The rail line continues across China into Druzhba where it links with the
broader gauge rail lines of Kazakhstan. Kazakhstan is the largest inland
country in the world. As Chinese rail and highways have expanded west, trade
between Kazakhstan and China has been booming. From January to October 2008,
goods passing through the Khorgos port between the two nations reached
880,000 tons - over 250% growth compared with the same period a year before.
Trade between China and Kazakhstan is expected to grow 3 to 5 fold by 2013.

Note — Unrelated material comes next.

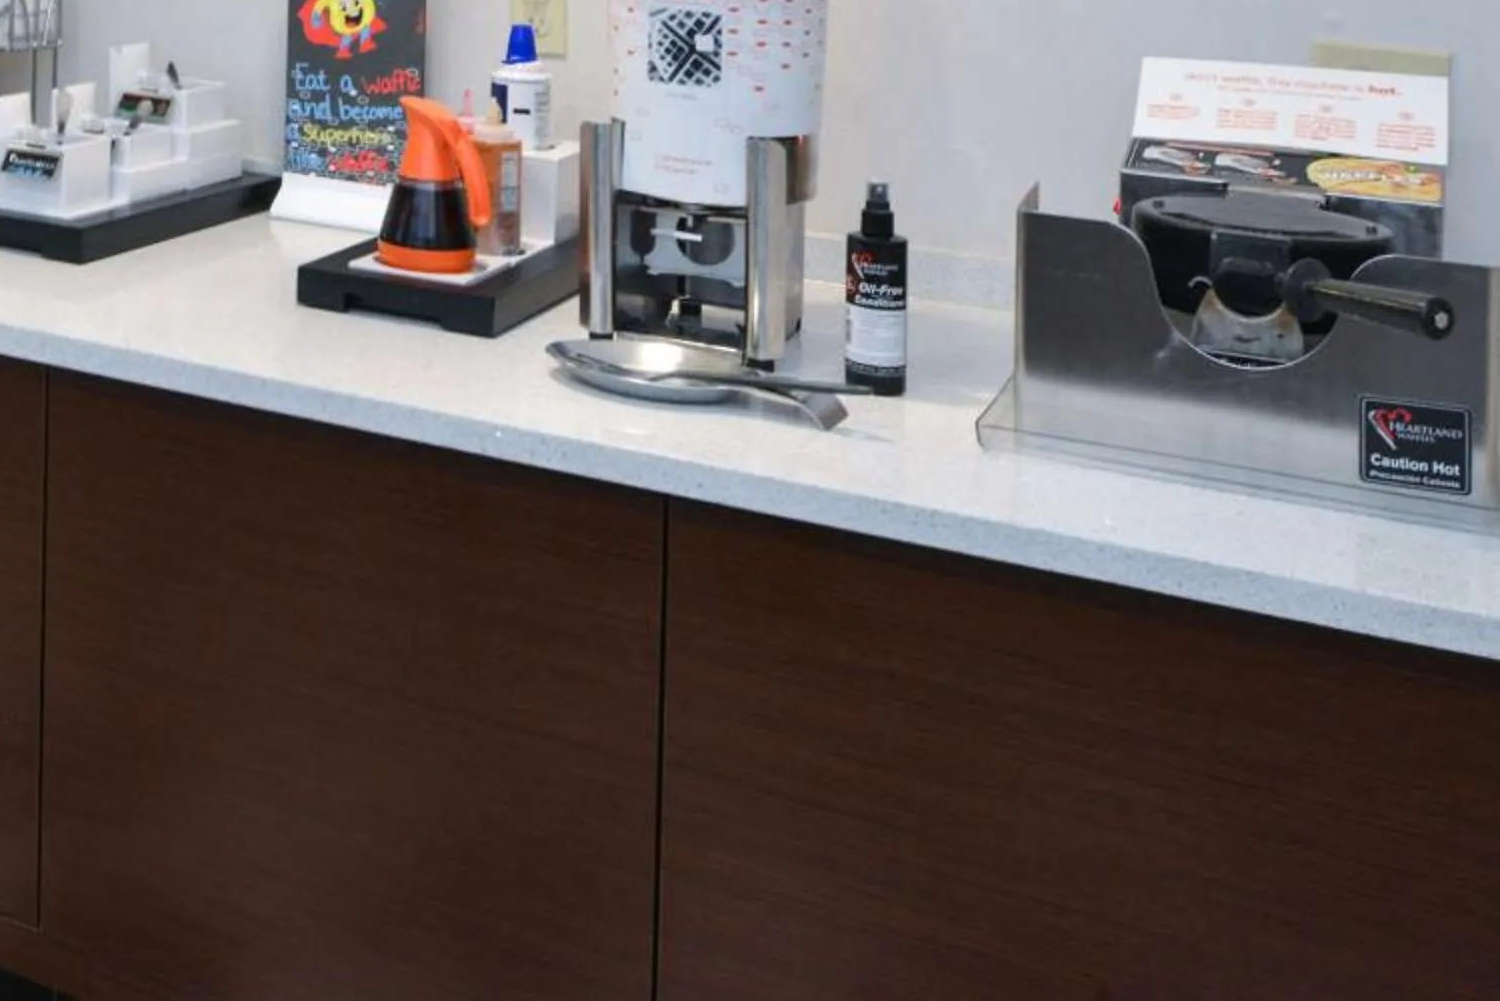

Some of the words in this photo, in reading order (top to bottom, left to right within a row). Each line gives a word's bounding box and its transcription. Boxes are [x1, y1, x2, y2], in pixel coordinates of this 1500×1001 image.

[294, 63, 330, 90] Eat
[338, 97, 404, 120] become
[1370, 452, 1429, 473] Caution
[1432, 461, 1461, 477] Hot

As of 2008, only about 1% of the goods shipped from Asia to Europe were
delivered by overland routes, meaning the room for expansion is
considerable.7
From
Kazakhstan the lines go on via Russia and Belarus over Poland to the markets
of the European Union.Another line goes to Tashkent in Uzbekistan,
Central Asia’s largest city of some two millions. Another line goes west to
Turkmenistan’s capital Asgabat and to the border of Iran.8 With
some additional investment, these links, now tied to the vast expanse and
markets of China could open new economic possibilities in much-neglected
regions of Central Asia. The Shanghai Cooperation Organization (SCO) could
provide a well-suited vehicle for coordination of a broad Eurasian rail infrastructure
coordination to maximize these initial rail links. The members of the SCO,
formed in 2001, include China, Kazakhstan, Russia, Kyrgyzstan, Tajikstan,
Uzbekistan with Iran, India, Mongolia and Pakistan as Observer Status
countries.
Russia’s
Land Bridge
Russia is well positioned to benefit greatly
from such an SCO strategy. The First Eurasian Land Bridge runs through Russia
along the Trans-Siberian Railway, first completed in 1916 to unify the
Russian Empire. The Trans-Siberian remains the longest single rail line in
the world at 9,297 kilometers, a tribute to the vision of Russian Sergei
Witte in the 1890s. The Trans-Siberian Railway, also called the Northern
East-West Corridor, runs from the Russian Far East Port of Vladivostok and
links in Europe to the Port of Rotterdam some 13,000 kilometers. At present
it is the less attractive for Pacific-to-Atlantic freight because of
maintenance problems and maximum speeds of 55 km.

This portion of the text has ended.